Normally my oven is empty so I have some room there for free. And when I use the oven to heat i.e. a pizza I hope any fungi are killed.
Could someone explain why the thin flatbread known as the tortilla seems to last much longer in a sealed bag? Ordinary bread molds on me in 4-5 days. I have kept a bag of tortillas around for a couple weeks without any mold. They do get stale if one forgets to seal the zip-type bag.
It depends. A chilled fridge is also a dehumidifier, so if the bread isn't stored in a tightly sealed bag, it may dry out and go stale in the fridge, before you can eat it. If you eat bread quickly enough, then that's not a problem.
The article addresses this; stale bread is still edible, and for the most part can be brought back by applying some heat. Moldy bread is just bad, and must be thrown away.
Does steaming stale bread (and then maybe toasting it again) bring it back to close to the desired state? Can that re-inject the moisture? Anyone tried? or is "staling" a non-reversible (at least to the tongue) process?
I've seen people store bread not in the fridge but in the freezer (this was in Germany), I thought it was weird, but I think now that it's a cool way to store bread for long periods of time.
Toasting bread from fridge has little difference than fresh unless you are talking artasinal breads meant to eat fresh. Otherwise freeze it and toast it, it will get 90% of the way there
my technique for baguette conservation : in the freezer
You can store it for weeks up to a month I think.
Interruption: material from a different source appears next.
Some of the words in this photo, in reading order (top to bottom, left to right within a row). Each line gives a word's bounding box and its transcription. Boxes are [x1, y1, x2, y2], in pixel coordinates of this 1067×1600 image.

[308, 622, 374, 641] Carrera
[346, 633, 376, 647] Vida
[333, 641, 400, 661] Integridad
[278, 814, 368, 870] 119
After that, simply in a oven, 120° celsius for 12-16 minutes
Just as an aside, your can freeze milk too - though it has to be in a strong container that doesn’t allow too much expansion or the fat will separate on defrosting.
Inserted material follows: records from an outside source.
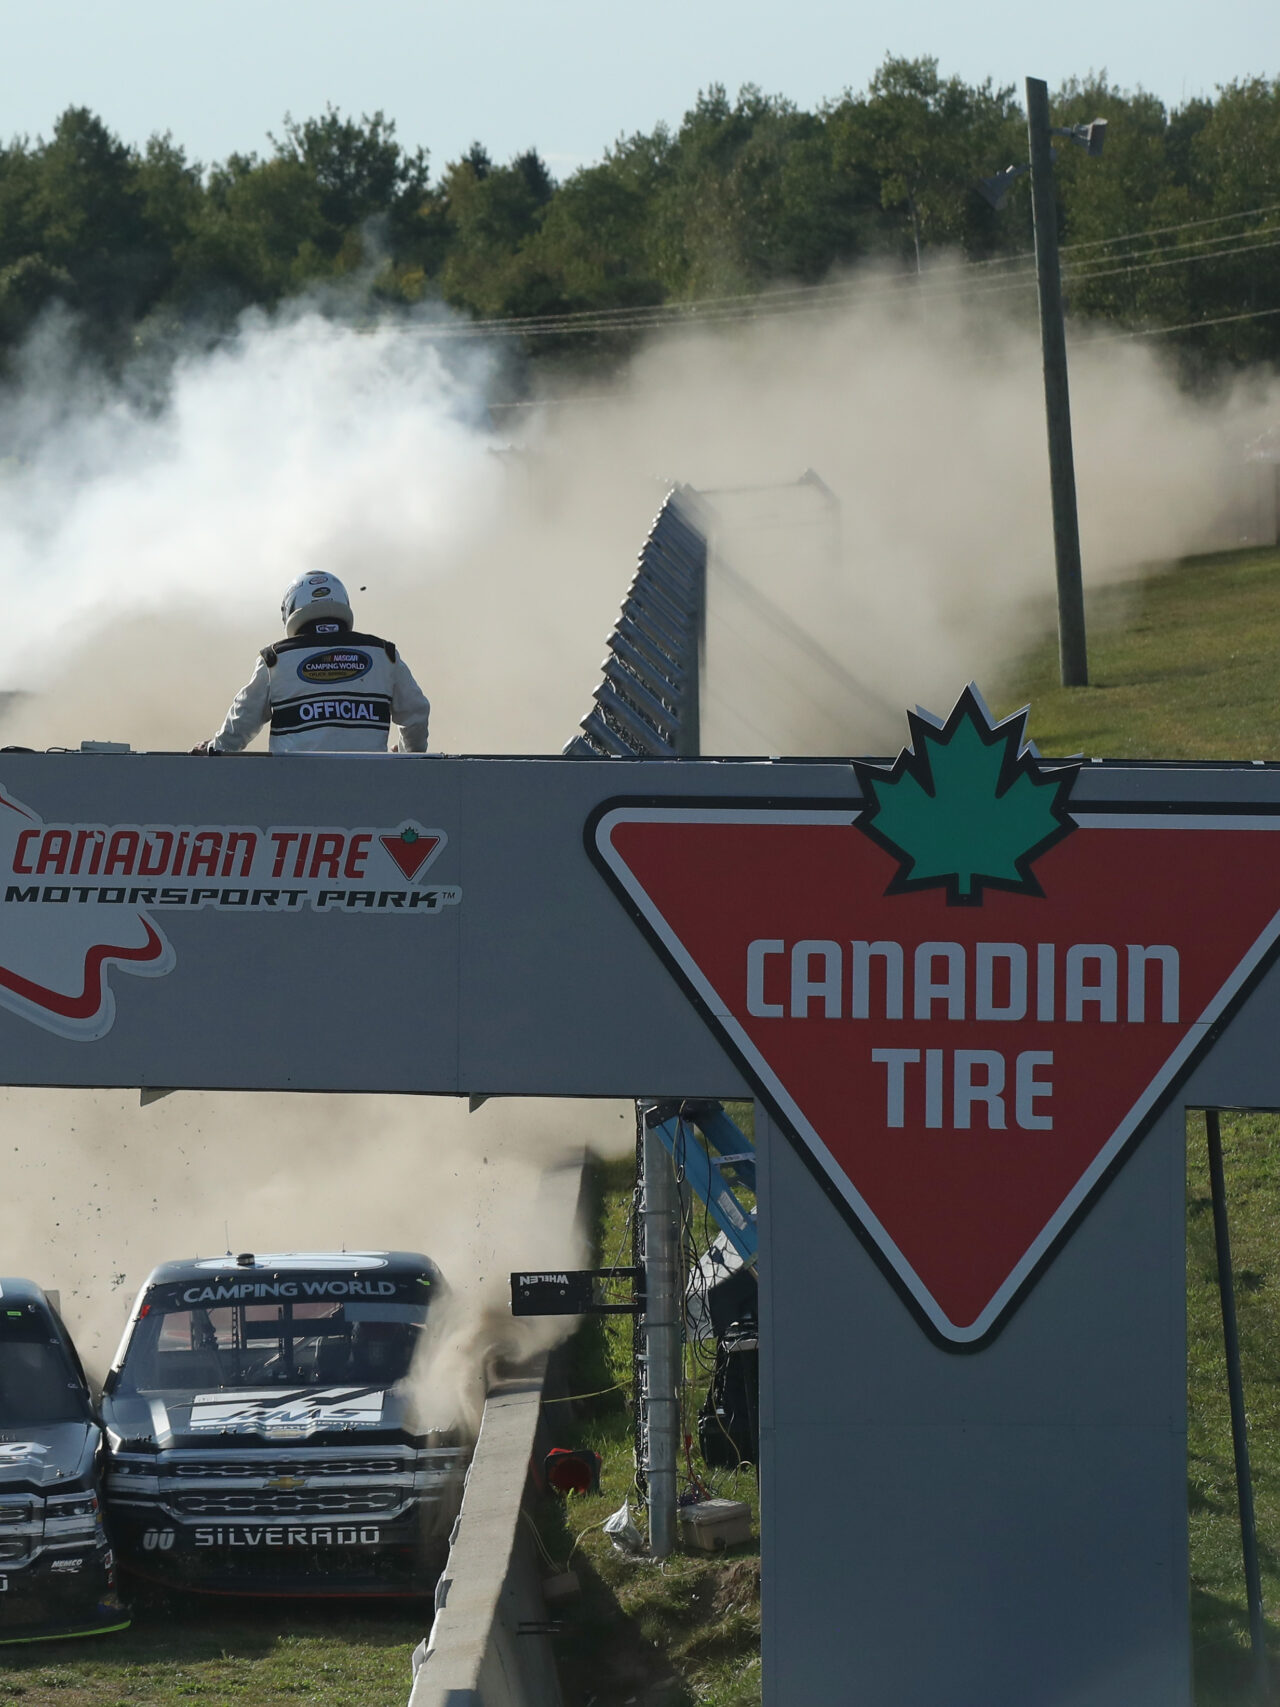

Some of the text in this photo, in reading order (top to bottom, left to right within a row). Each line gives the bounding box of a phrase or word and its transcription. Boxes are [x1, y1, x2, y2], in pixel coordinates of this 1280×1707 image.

[306, 662, 365, 671] CAMPING WORLD
[333, 654, 358, 662] NASCAR
[299, 701, 380, 720] OFFICIAL
[12, 829, 373, 878] CANADIAN TIRE
[5, 886, 308, 906] MOTORSPORT
[317, 890, 440, 908] PARK
[746, 938, 1181, 1024] CANADIAN
[870, 1047, 1055, 1131] TIRE
[183, 1280, 396, 1303] CAMPING WORLD
[519, 1274, 570, 1287] WHELEN
[143, 1526, 380, 1550] 00 SILVERADO
[51, 1559, 83, 1568] NEMCO
I actually had a bread box at one point, and the bread got moldy after two days. Maybe it just needed to be cleaned, or maybe it trapped moisture and heat?
Two days is kind of surprising, if it was homemade. Ours would go four or five days before molding, so like everyone above, I cut mine the day after baking and freeze it.
We only store bread in a freezer, and use toaster to warm it up and toast it for consumption. This only really works with pre-sliced bread and serves 2 important functions:
1. Reduce the amount of bread we eat. You take out a slice and that's all you're going to eat, since it takes 2 minutes or so to toast it in the toaster.
2. Prevent bread from going moldy/dry/stale. You can enjoy a single loaf for a week this way.
i found that putting store-bought donuts in the fridge makes them last long enough (a week) to eat before going stale. and as a bonus, the hardened glaze is both easier on the fingers (and clothes) and enhances the sweetness. mmmmm, donuts!
This article bugged me. It spoke about the fridge as a preservation tool but failed to point to the freezer. The very important part of a fridge! We all know that the freezer plays a big role in preserving all our produce. I cut and freeze all the bread I buy and bake and when I defrost it, it’s top notch!
Industrially produced bread: freeze (sliced) and toast when needed or eat fresh. Never fridge.
Home baked: eat fresh use the leftovers for puddings, or blend and freeze and use as breadcrumbs for cooking.
https://gailsbread.co.uk/ Gail's bakery is the only place I know in the UK that can mass produce excellent bread. Their book is excellent.
Of course there are many excellent artisan producers everywhere too...
> ... Most of them are failing miserably. Not because the statements they are making are wrong, but because they fall prey to a common critical thinking mistake: failing to define our terms. ...
Article then goes on to cogitate for 1,500 words while introducing no data or experiment. Do an experiment or go home.
Similar patterns play out elsewhere. For example, open source and copyleft tend to be using different working definitions of "free." And the distinction in question is not the one indicated by the F's capitalization.